5- Kitabet (Mükatebe-Yazışma):
Hocanın huzurunda bulunan veya bulunmayan bir
öğrencisi için kendi eliyle bir veya birkaç hadis yazıp veya yazdırıp vermesi
veya göstermesine kitabet denilmektedir. Bu, şeyhin mesmu’âtını tamamen ya da
kısmen yazıp veya yazdırarak hazır veya gâib birisine göndermesidir.
Mukatebe de denilen bu usûl, münavelede olduğu
gibi, ya icâzetle birlikte tatbik olunur, ya da icâzetsiz olur.
[1]
İcâzete makrun olana şöyle yazar: (Eceztuke ma
ketebtu leke) “Sana yazdığımı rivayete sana icazet verdim” veya: (Eceztuke ma
ketebtu ileyke) veya (Eceztuke ma ketebtu bihi ileyke) bunlar gibi icâzeti ifade
eden başka tabirler. Bu tabirler kuvvet ve sıhhat yönüyle münâvele-i makrûne’ye
denktir.
İcâzetten mücerred kitabet’e gelince, bunun
sıhhati hususunda ihtilâf edilmiştir. Alimlerden bir kısmı bunun caiz olmadığını
beyân etmişse de asl olan câiz olmasıdır. Eyyûb Sahtiyânî, Mansûr İbnu Mü’temir,
Leys İbnu Sa’d… gibi. Tâbiîn ve Etbauttâbiîn’den bir çokları cevazına
kâildirler. Onlardaki tatbikattan başka, Hz. Peygamber (aleyhissalâtu
vesselâm)’in de valilerine gönderdiği ahkâm tebliğ eden mektuplar da bunun
cevâzına delil olmaktadır.
İcâzetten mücerred kitabetle ilgili sîgalar
şöyledir: (ahbaranâ fülânun mükâtebeten)= Falan bana yazarak bildirdi veya (ahbaranâ
fülânun kitâbeten kâle) veya (Ketebe ileyye fülânun kâle haddesenâ)

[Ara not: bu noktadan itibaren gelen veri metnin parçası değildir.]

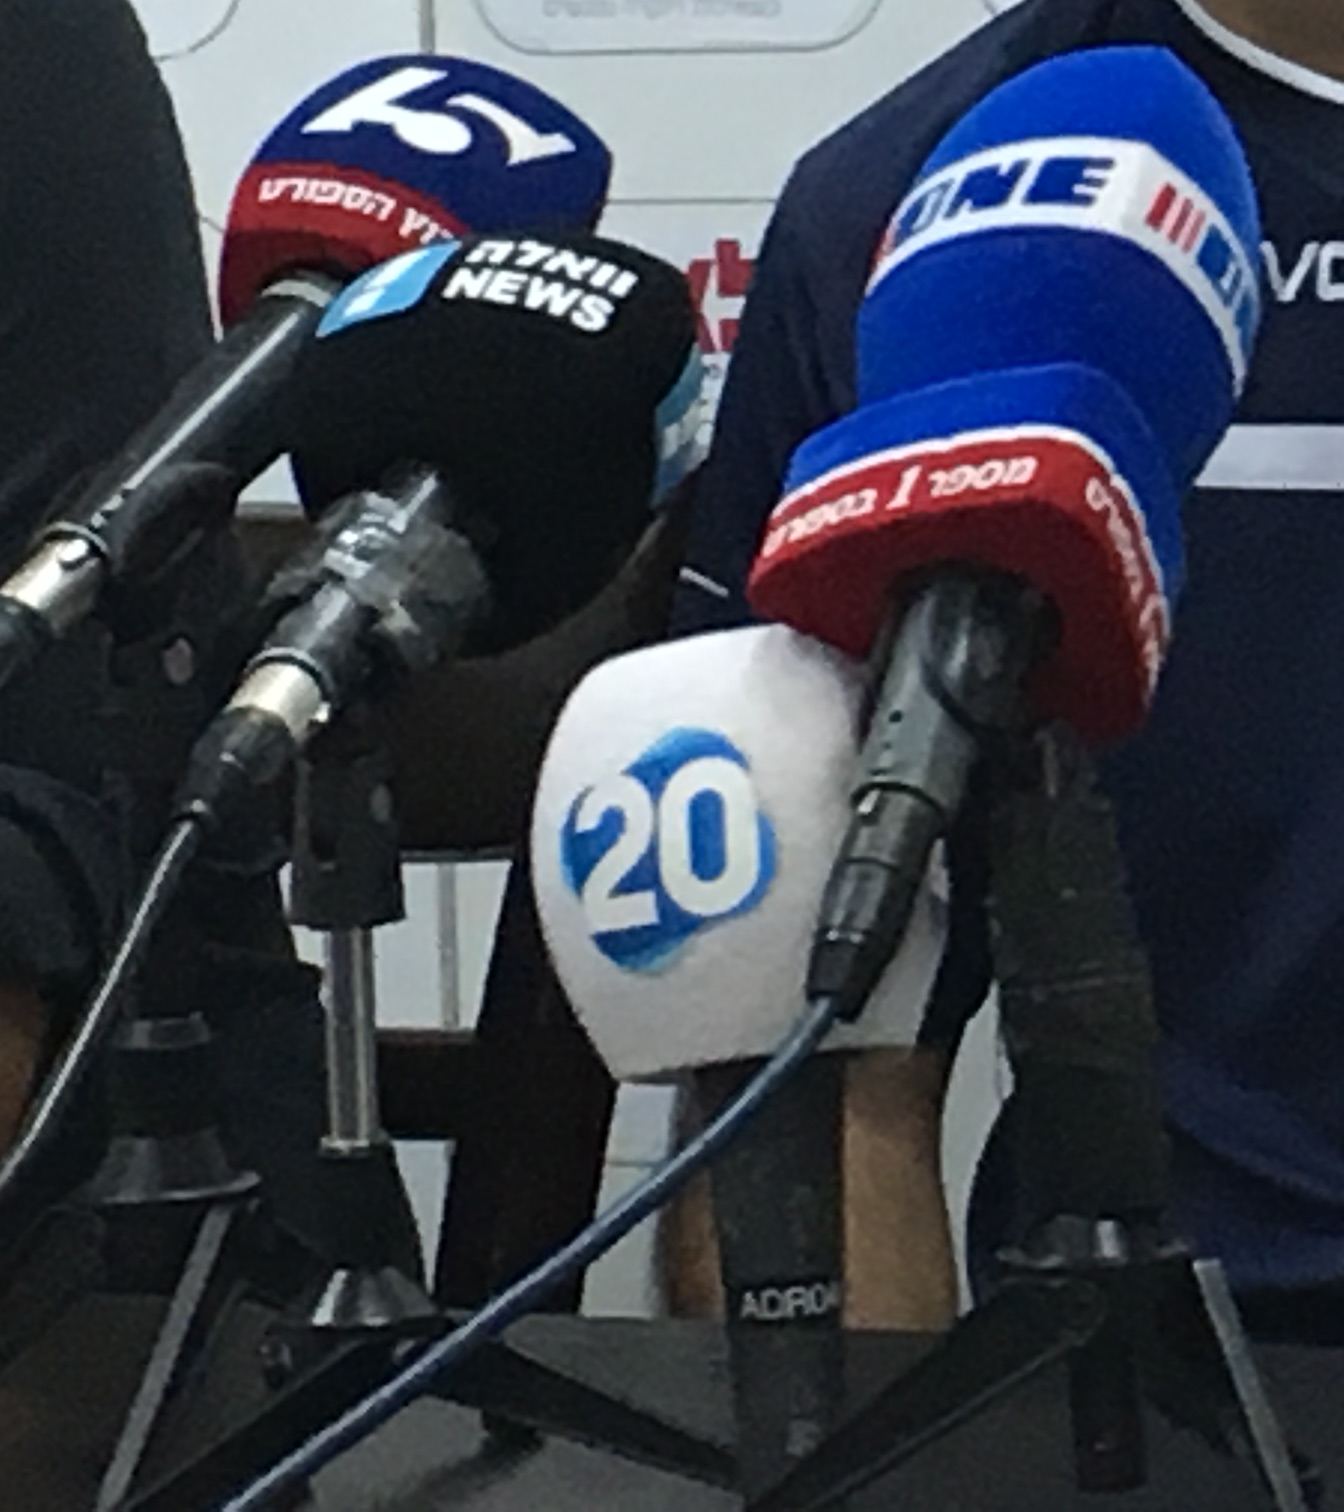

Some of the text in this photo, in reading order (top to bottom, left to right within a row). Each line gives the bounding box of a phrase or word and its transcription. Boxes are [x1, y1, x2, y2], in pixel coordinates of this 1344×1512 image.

Bütün bu sîgalar icâzet manasını ihsan ettiği
için mevsul addedilmiştir.
Burada da mutlak şekilde Ahberenâ denebileceğini
söyleyenler olmuş ise de, aslolan kitabeti belirtecek bir kaydın konmasıdır.[2]
[1]
Sabahaddin Yıldırım, Şamil İslam Ansiklopedisi: 6/87.
[2]
İbrahim Canan, Kutub-i Sitte Tercüme ve Şerhi, Akçağ Yayınları: 2/64-65.

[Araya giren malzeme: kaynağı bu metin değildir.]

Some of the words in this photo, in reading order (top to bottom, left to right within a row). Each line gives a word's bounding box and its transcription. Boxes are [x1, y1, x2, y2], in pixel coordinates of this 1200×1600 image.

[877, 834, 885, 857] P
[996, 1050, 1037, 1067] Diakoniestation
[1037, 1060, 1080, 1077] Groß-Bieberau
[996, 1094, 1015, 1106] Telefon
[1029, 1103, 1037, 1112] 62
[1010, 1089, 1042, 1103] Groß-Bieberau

Haddesena ile ahberana’yı eşit saymayanlar
Muhammed b. El-Hüseyin’in şu sözlerini naklederler: O demiş ki: Biri
kölesine “Fülan şeyi bana ihbar edersen hürsün” dese; köle de o dilediği
haberi ona yazsa azad olur. Lakin “Fülan şeyi bana tahdis eder yani
söylersen hürsün” demiş olsa da köle o haberi ona yazsa azad olmaz.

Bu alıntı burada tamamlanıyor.